*** PROVIDED DATA Section Begins ***

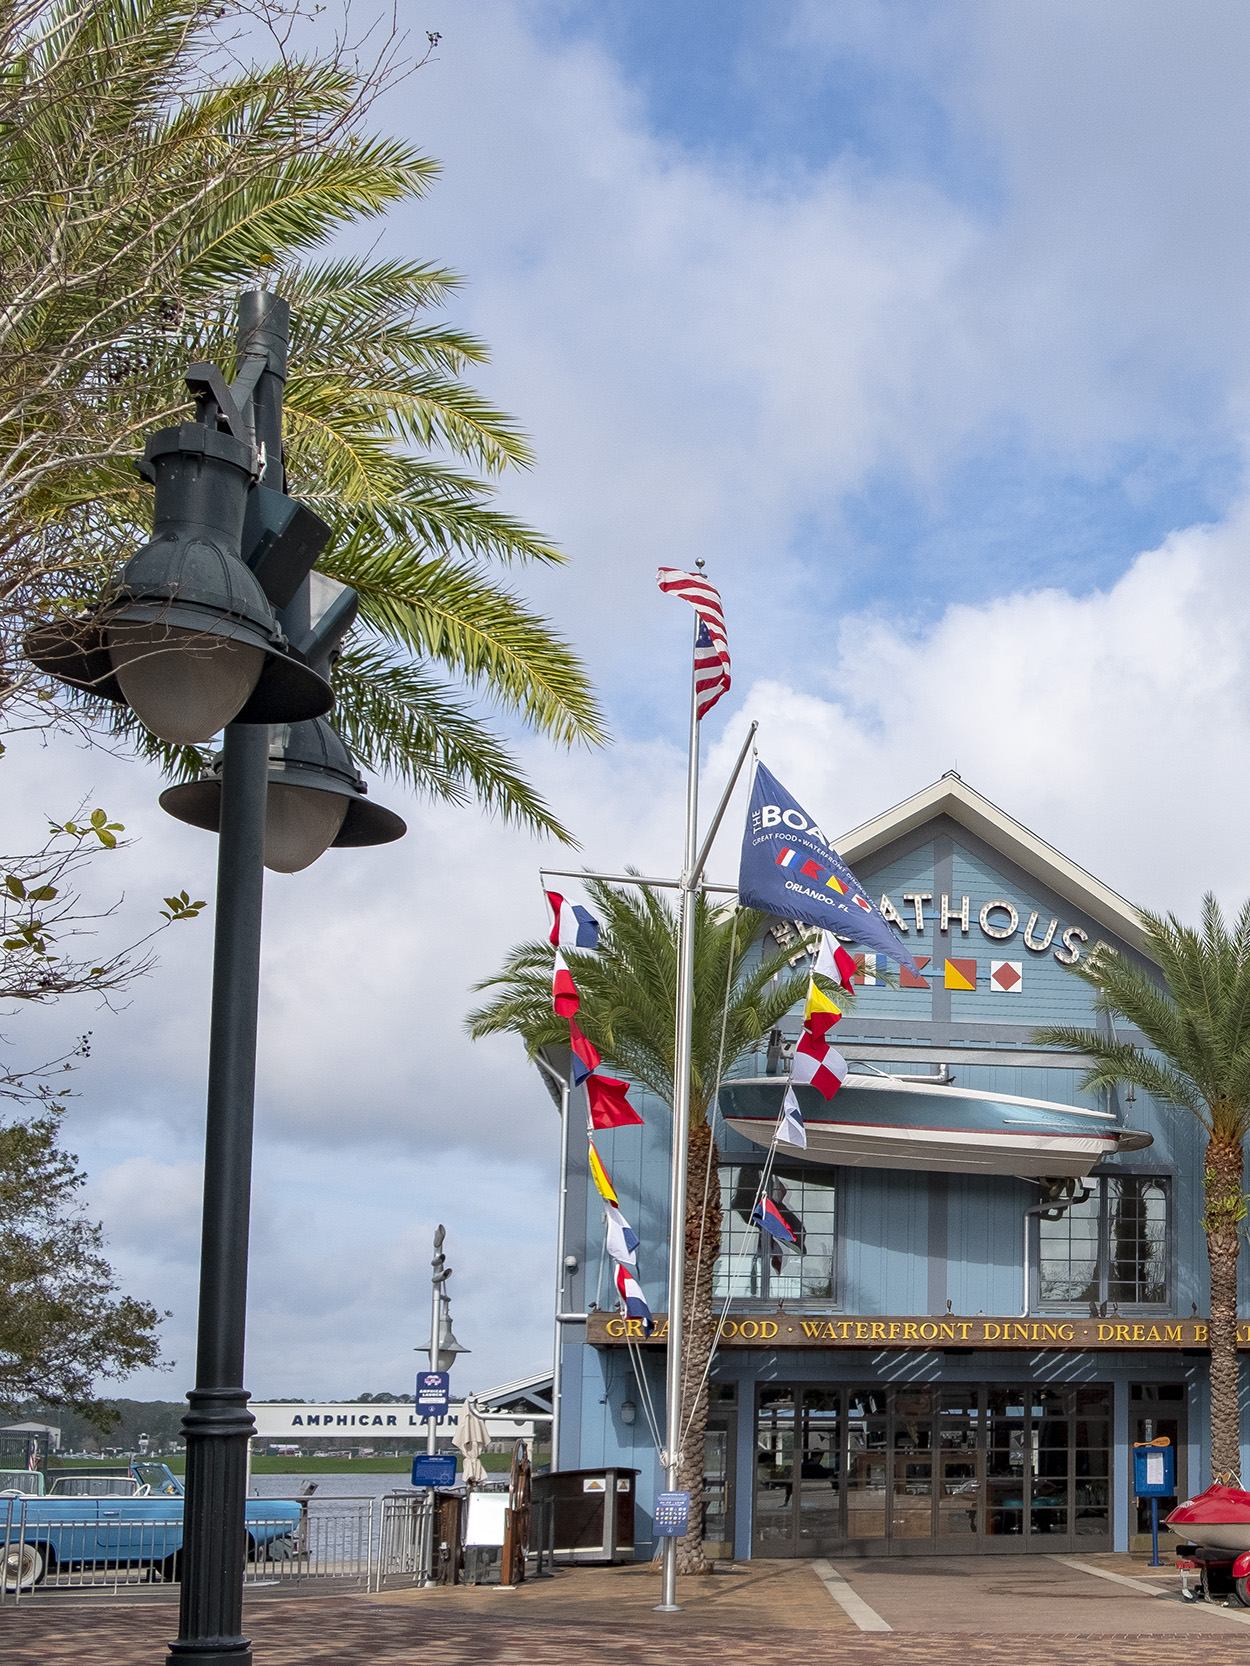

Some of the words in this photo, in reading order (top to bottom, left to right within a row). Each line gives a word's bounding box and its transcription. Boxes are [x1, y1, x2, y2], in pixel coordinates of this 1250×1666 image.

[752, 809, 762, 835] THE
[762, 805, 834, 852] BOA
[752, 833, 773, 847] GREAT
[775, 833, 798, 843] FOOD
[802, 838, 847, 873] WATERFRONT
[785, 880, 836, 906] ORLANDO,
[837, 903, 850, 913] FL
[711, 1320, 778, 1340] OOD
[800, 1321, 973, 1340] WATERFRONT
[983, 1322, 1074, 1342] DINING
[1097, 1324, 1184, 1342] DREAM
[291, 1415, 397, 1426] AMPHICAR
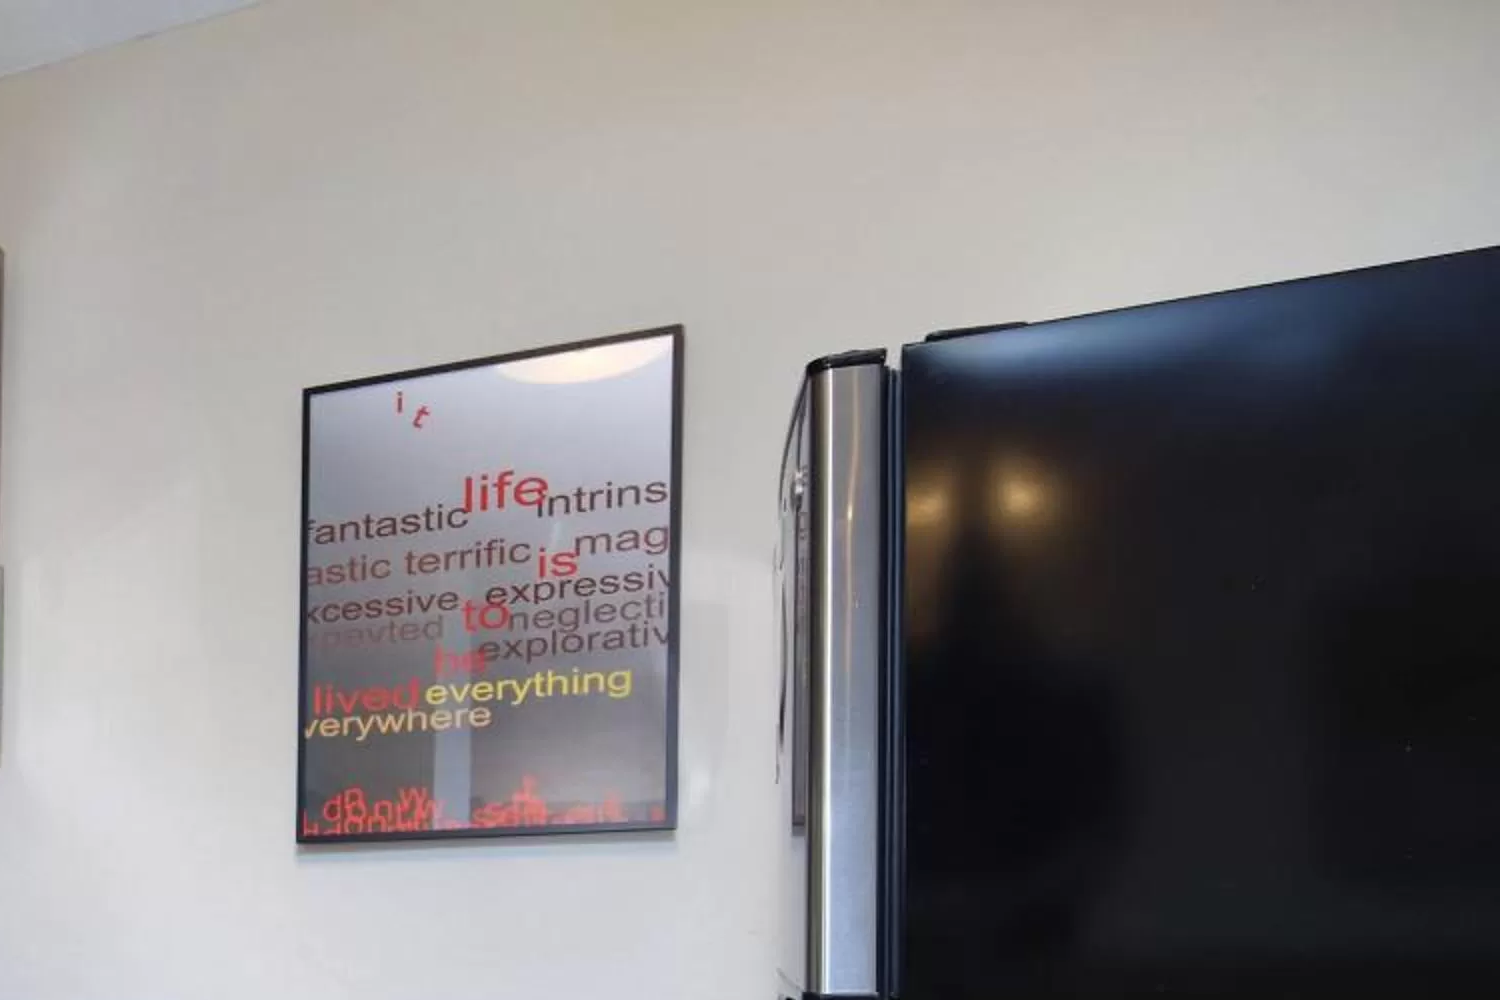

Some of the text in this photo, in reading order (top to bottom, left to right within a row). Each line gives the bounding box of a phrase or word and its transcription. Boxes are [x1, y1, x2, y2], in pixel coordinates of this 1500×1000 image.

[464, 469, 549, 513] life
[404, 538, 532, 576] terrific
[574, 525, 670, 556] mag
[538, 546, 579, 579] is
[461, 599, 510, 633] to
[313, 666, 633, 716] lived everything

*** PROVIDED DATA Section Ends ***

=== GOAL OF THE EXERCISE ===
The whole listing above must be duplicated word for word, apart from its pictures.

=== ANSWER AREA ===
Some of the words in this photo, in reading order (top to bottom, left to right within a row). Each line gives a word's bounding box and its transcription. Boxes are [x1, y1, x2, y2], in pixel coordinates of this 1250×1666 image.

[752, 809, 762, 835] THE
[762, 805, 834, 852] BOA
[752, 833, 773, 847] GREAT
[775, 833, 798, 843] FOOD
[802, 838, 847, 873] WATERFRONT
[785, 880, 836, 906] ORLANDO,
[837, 903, 850, 913] FL
[711, 1320, 778, 1340] OOD
[800, 1321, 973, 1340] WATERFRONT
[983, 1322, 1074, 1342] DINING
[1097, 1324, 1184, 1342] DREAM
[291, 1415, 397, 1426] AMPHICAR

Some of the text in this photo, in reading order (top to bottom, left to right within a row). Each line gives the bounding box of a phrase or word and its transcription. Boxes are [x1, y1, x2, y2], in pixel coordinates of this 1500×1000 image.

[464, 469, 549, 513] life
[404, 538, 532, 576] terrific
[574, 525, 670, 556] mag
[538, 546, 579, 579] is
[461, 599, 510, 633] to
[313, 666, 633, 716] lived everything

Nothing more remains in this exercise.